Lamin A/C phosphorylation at serine 22 is a conserved heat shock response to regulate nuclear adaptation during stress.

The heat shock (HS) response is crucial for cell survival in harmful environments. Nuclear lamin A/C (LA/C), encoded by LMNA gene, contributes towards altered gene expression during HS, but the underlying mechanisms are poorly understood. Here we show that upon HS, LA/C is reversibly phosphorylated at Ser22 in concert with HSF1 activation in human cells, mouse cells and D. melanogaster in vivo. Consequently, the phosphorylation facilitated nucleoplasmic localization of LA/C and nuclear sphericity in response to HS. Interestingly, LA/C knock-out cells showed deformed nuclei after HS and were rescued by ectopic expression of wild-type LA, but not by a phosphomimetic (S22D) LA mutant.

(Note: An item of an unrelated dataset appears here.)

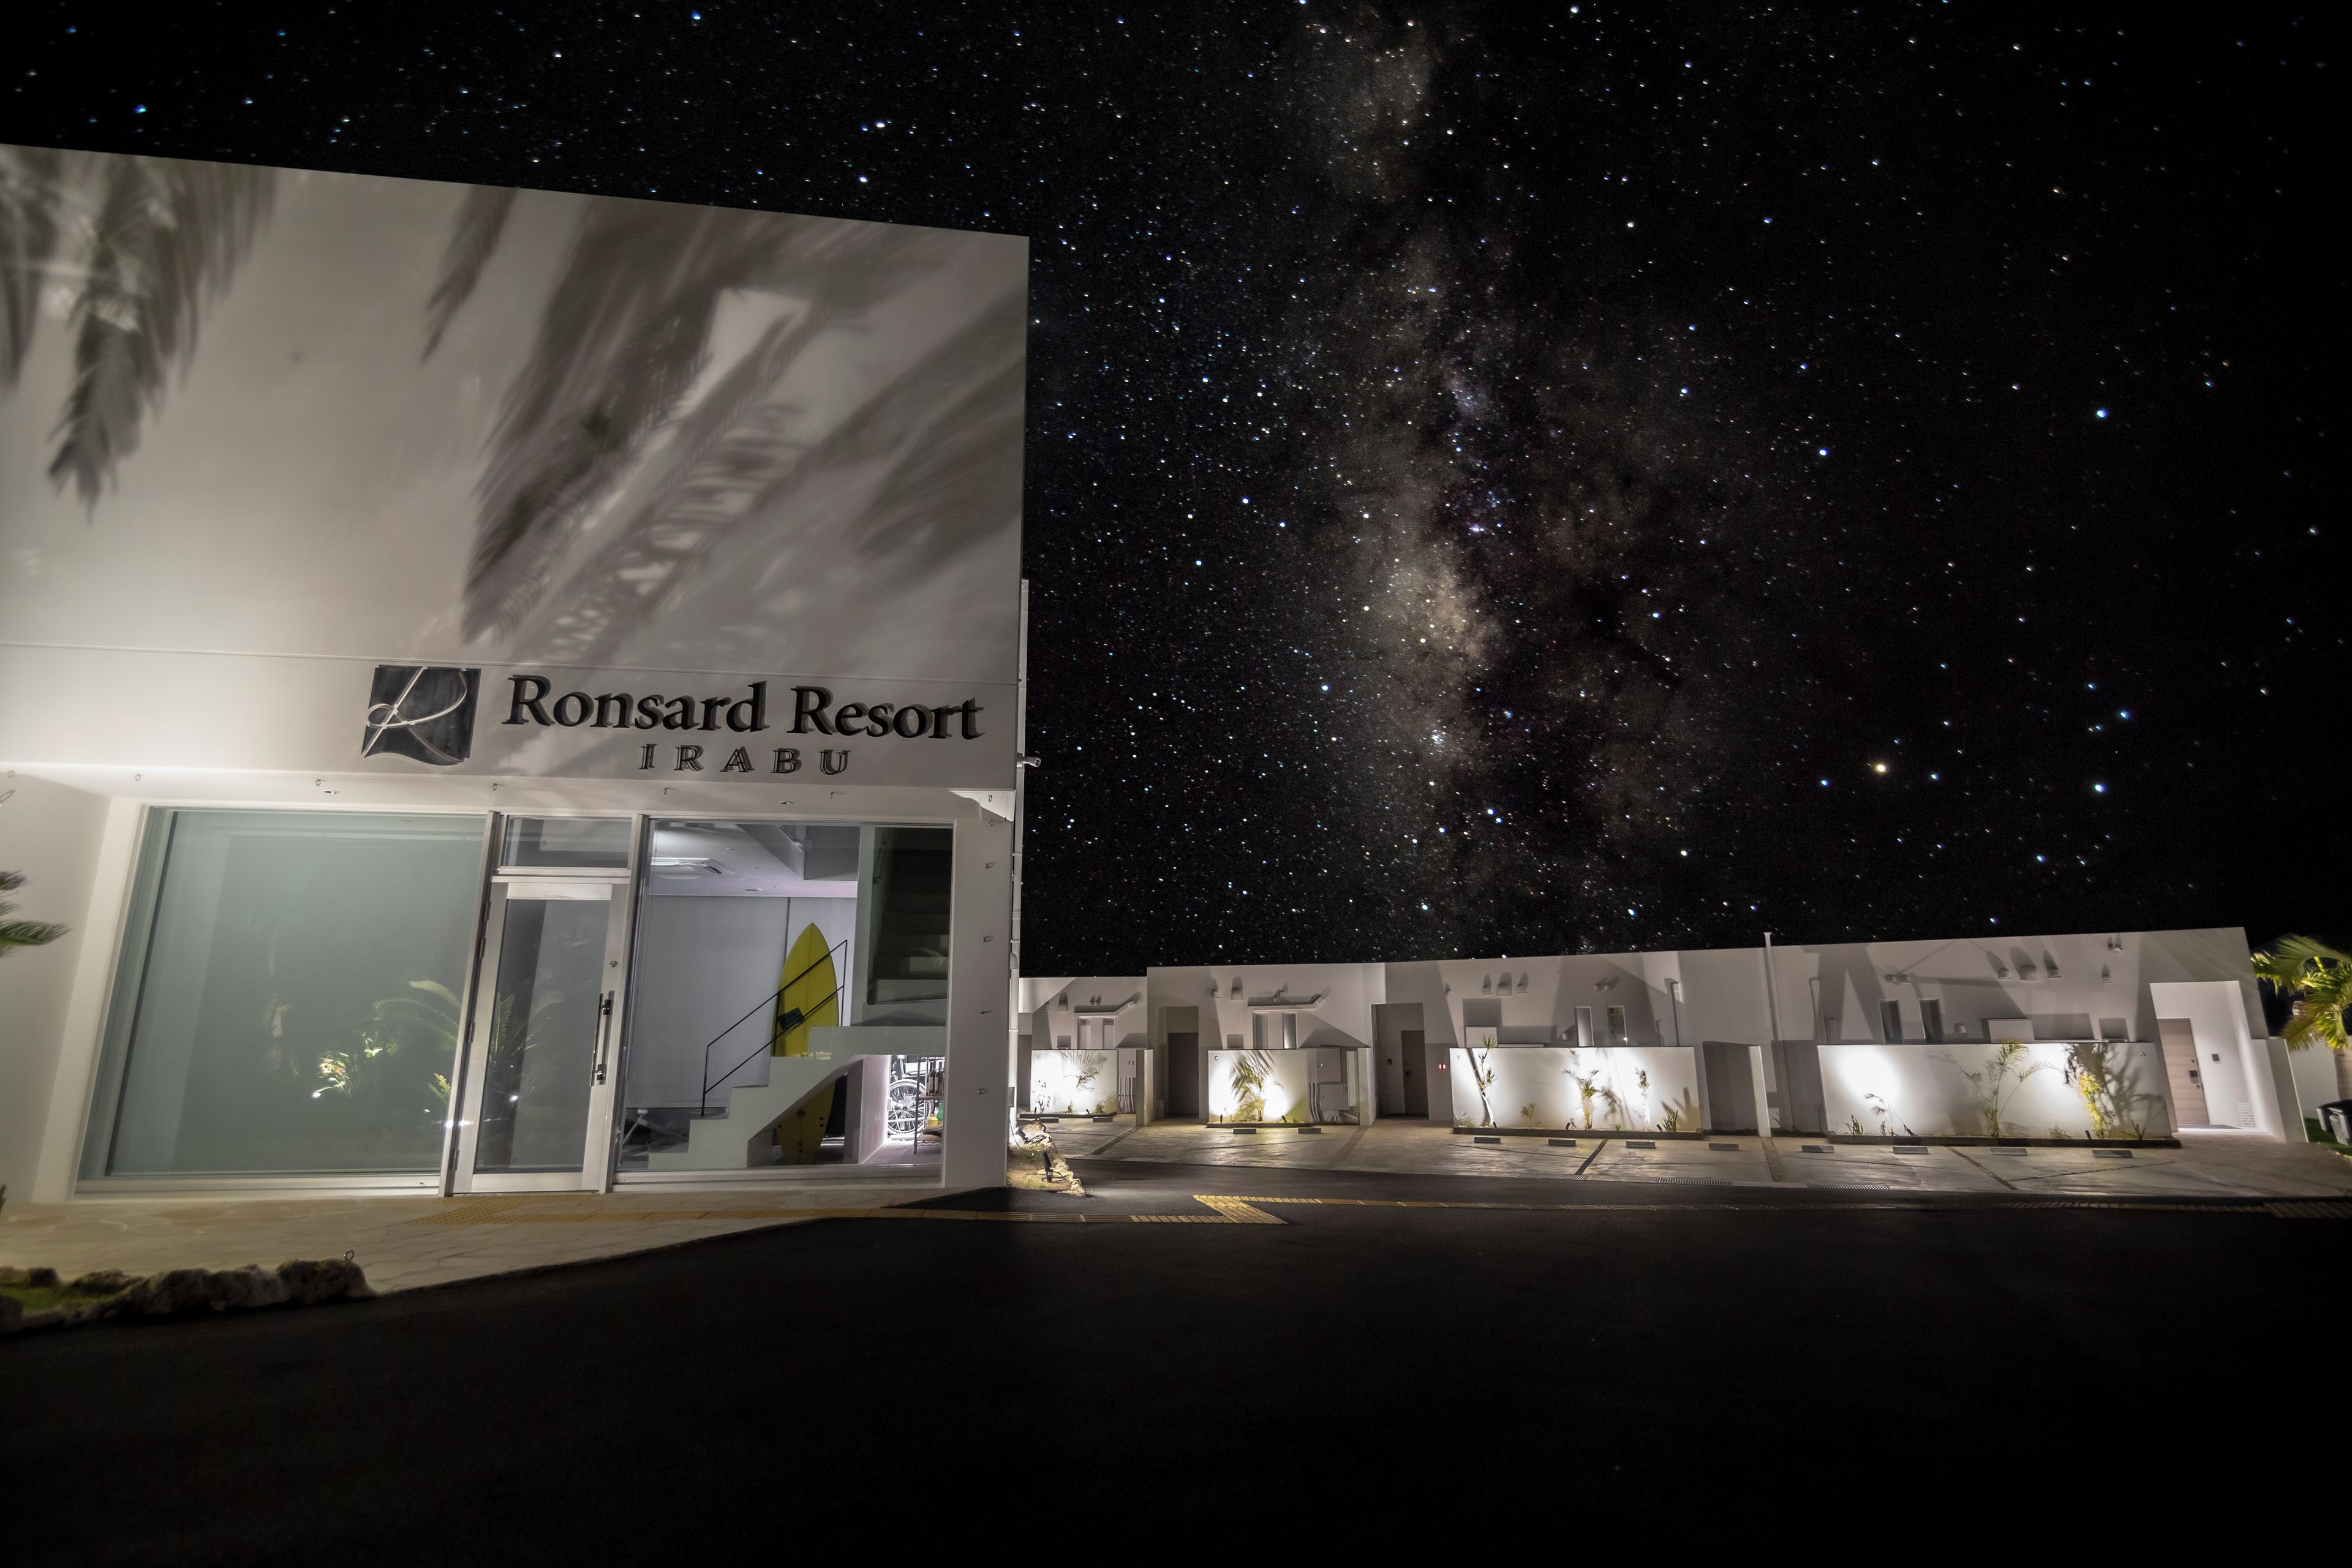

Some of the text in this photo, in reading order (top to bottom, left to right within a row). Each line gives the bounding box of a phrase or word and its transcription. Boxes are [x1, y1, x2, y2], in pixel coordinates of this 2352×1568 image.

[502, 674, 985, 740] Ronsard Resort
[638, 744, 851, 775] IRABU

Furthermore, HS triggered concurrent downregulation of lamina-associated protein 2α (Lap2α) in wild-type LA/C expressing cells but a similar response was perturbed in LA/C knock-out cells and in LMNA mutant patient fibroblasts which showed impaired cell cycle arrest under HS and compromised survival at the recovery. Taken together, our results suggest that the altered phosphorylation stoichiometry of LA/C provides an evolutionary conserved mechanism to regulate lamina structure and serve nuclear adaptation and cell survival during HS.